Every record listed below should be copied exactly.

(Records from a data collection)
* * * * *
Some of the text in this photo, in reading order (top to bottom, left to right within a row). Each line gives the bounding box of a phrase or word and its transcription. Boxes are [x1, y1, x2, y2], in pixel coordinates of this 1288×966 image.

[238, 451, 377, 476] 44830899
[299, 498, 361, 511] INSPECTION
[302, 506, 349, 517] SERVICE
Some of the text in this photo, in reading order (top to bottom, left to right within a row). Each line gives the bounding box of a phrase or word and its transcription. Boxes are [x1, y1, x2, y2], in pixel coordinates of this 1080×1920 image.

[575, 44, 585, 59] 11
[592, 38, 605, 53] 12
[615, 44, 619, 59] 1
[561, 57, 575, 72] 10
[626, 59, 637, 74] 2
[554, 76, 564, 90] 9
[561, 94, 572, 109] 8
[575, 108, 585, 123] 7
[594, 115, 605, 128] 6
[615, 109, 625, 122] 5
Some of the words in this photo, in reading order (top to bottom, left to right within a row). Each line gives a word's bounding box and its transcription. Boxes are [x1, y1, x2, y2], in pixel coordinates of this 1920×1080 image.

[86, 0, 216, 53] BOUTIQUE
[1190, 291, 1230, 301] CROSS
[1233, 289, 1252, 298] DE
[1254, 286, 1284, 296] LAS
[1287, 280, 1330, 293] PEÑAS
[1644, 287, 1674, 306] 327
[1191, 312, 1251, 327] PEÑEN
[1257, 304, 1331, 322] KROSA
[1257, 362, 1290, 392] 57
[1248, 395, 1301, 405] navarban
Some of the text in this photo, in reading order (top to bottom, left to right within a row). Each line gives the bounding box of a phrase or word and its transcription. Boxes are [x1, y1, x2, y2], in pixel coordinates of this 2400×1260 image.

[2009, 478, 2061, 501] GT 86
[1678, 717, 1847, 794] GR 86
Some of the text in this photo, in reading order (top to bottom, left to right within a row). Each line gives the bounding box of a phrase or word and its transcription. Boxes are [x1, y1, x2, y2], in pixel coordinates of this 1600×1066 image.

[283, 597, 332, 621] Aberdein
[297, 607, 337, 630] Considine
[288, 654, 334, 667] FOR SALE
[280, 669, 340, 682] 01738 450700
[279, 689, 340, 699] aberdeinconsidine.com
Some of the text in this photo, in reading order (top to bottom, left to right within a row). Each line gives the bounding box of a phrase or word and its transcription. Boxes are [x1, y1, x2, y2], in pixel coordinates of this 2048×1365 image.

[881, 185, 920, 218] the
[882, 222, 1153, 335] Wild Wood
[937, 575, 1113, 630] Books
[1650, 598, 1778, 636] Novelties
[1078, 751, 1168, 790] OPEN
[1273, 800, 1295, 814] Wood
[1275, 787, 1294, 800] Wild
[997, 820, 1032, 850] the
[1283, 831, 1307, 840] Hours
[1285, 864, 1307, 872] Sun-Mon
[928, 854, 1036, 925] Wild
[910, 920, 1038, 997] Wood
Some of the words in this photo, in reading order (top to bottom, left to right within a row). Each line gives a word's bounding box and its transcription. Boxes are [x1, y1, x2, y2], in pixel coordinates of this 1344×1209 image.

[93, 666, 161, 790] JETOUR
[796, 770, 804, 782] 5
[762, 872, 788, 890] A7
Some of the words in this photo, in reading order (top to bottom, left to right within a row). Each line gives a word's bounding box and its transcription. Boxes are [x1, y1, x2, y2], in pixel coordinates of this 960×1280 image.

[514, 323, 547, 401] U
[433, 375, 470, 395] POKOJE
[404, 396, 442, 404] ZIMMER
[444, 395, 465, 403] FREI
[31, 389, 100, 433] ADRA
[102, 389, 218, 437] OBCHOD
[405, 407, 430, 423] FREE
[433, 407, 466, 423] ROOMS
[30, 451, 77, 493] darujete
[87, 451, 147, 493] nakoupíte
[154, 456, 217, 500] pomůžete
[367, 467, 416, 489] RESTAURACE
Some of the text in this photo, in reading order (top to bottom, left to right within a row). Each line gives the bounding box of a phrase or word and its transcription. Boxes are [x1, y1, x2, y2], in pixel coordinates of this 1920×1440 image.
* * * * *
### ANSWER SPACE:
Some of the text in this photo, in reading order (top to bottom, left to right within a row). Each line gives the bounding box of a phrase or word and its transcription. Boxes are [x1, y1, x2, y2], in pixel coordinates of this 1288×966 image.

[238, 451, 377, 476] 44830899
[299, 498, 361, 511] INSPECTION
[302, 506, 349, 517] SERVICE
Some of the text in this photo, in reading order (top to bottom, left to right within a row). Each line gives the bounding box of a phrase or word and its transcription. Boxes are [x1, y1, x2, y2], in pixel coordinates of this 1080×1920 image.

[575, 44, 585, 59] 11
[592, 38, 605, 53] 12
[615, 44, 619, 59] 1
[561, 57, 575, 72] 10
[626, 59, 637, 74] 2
[554, 76, 564, 90] 9
[561, 94, 572, 109] 8
[575, 108, 585, 123] 7
[594, 115, 605, 128] 6
[615, 109, 625, 122] 5
Some of the words in this photo, in reading order (top to bottom, left to right within a row). Each line gives a word's bounding box and its transcription. Boxes are [x1, y1, x2, y2], in pixel coordinates of this 1920×1080 image.

[86, 0, 216, 53] BOUTIQUE
[1190, 291, 1230, 301] CROSS
[1233, 289, 1252, 298] DE
[1254, 286, 1284, 296] LAS
[1287, 280, 1330, 293] PEÑAS
[1644, 287, 1674, 306] 327
[1191, 312, 1251, 327] PEÑEN
[1257, 304, 1331, 322] KROSA
[1257, 362, 1290, 392] 57
[1248, 395, 1301, 405] navarban
Some of the text in this photo, in reading order (top to bottom, left to right within a row). Each line gives the bounding box of a phrase or word and its transcription. Boxes are [x1, y1, x2, y2], in pixel coordinates of this 2400×1260 image.

[2009, 478, 2061, 501] GT 86
[1678, 717, 1847, 794] GR 86
Some of the text in this photo, in reading order (top to bottom, left to right within a row). Each line gives the bounding box of a phrase or word and its transcription. Boxes are [x1, y1, x2, y2], in pixel coordinates of this 1600×1066 image.

[283, 597, 332, 621] Aberdein
[297, 607, 337, 630] Considine
[288, 654, 334, 667] FOR SALE
[280, 669, 340, 682] 01738 450700
[279, 689, 340, 699] aberdeinconsidine.com
Some of the text in this photo, in reading order (top to bottom, left to right within a row). Each line gives the bounding box of a phrase or word and its transcription. Boxes are [x1, y1, x2, y2], in pixel coordinates of this 2048×1365 image.

[881, 185, 920, 218] the
[882, 222, 1153, 335] Wild Wood
[937, 575, 1113, 630] Books
[1650, 598, 1778, 636] Novelties
[1078, 751, 1168, 790] OPEN
[1273, 800, 1295, 814] Wood
[1275, 787, 1294, 800] Wild
[997, 820, 1032, 850] the
[1283, 831, 1307, 840] Hours
[1285, 864, 1307, 872] Sun-Mon
[928, 854, 1036, 925] Wild
[910, 920, 1038, 997] Wood
Some of the words in this photo, in reading order (top to bottom, left to right within a row). Each line gives a word's bounding box and its transcription. Boxes are [x1, y1, x2, y2], in pixel coordinates of this 1344×1209 image.

[93, 666, 161, 790] JETOUR
[796, 770, 804, 782] 5
[762, 872, 788, 890] A7
Some of the words in this photo, in reading order (top to bottom, left to right within a row). Each line gives a word's bounding box and its transcription. Boxes are [x1, y1, x2, y2], in pixel coordinates of this 960×1280 image.

[514, 323, 547, 401] U
[433, 375, 470, 395] POKOJE
[404, 396, 442, 404] ZIMMER
[444, 395, 465, 403] FREI
[31, 389, 100, 433] ADRA
[102, 389, 218, 437] OBCHOD
[405, 407, 430, 423] FREE
[433, 407, 466, 423] ROOMS
[30, 451, 77, 493] darujete
[87, 451, 147, 493] nakoupíte
[154, 456, 217, 500] pomůžete
[367, 467, 416, 489] RESTAURACE
Some of the text in this photo, in reading order (top to bottom, left to right within a row). Each line gives the bounding box of a phrase or word and its transcription. Boxes are [x1, y1, x2, y2], in pixel coordinates of this 1920×1440 image.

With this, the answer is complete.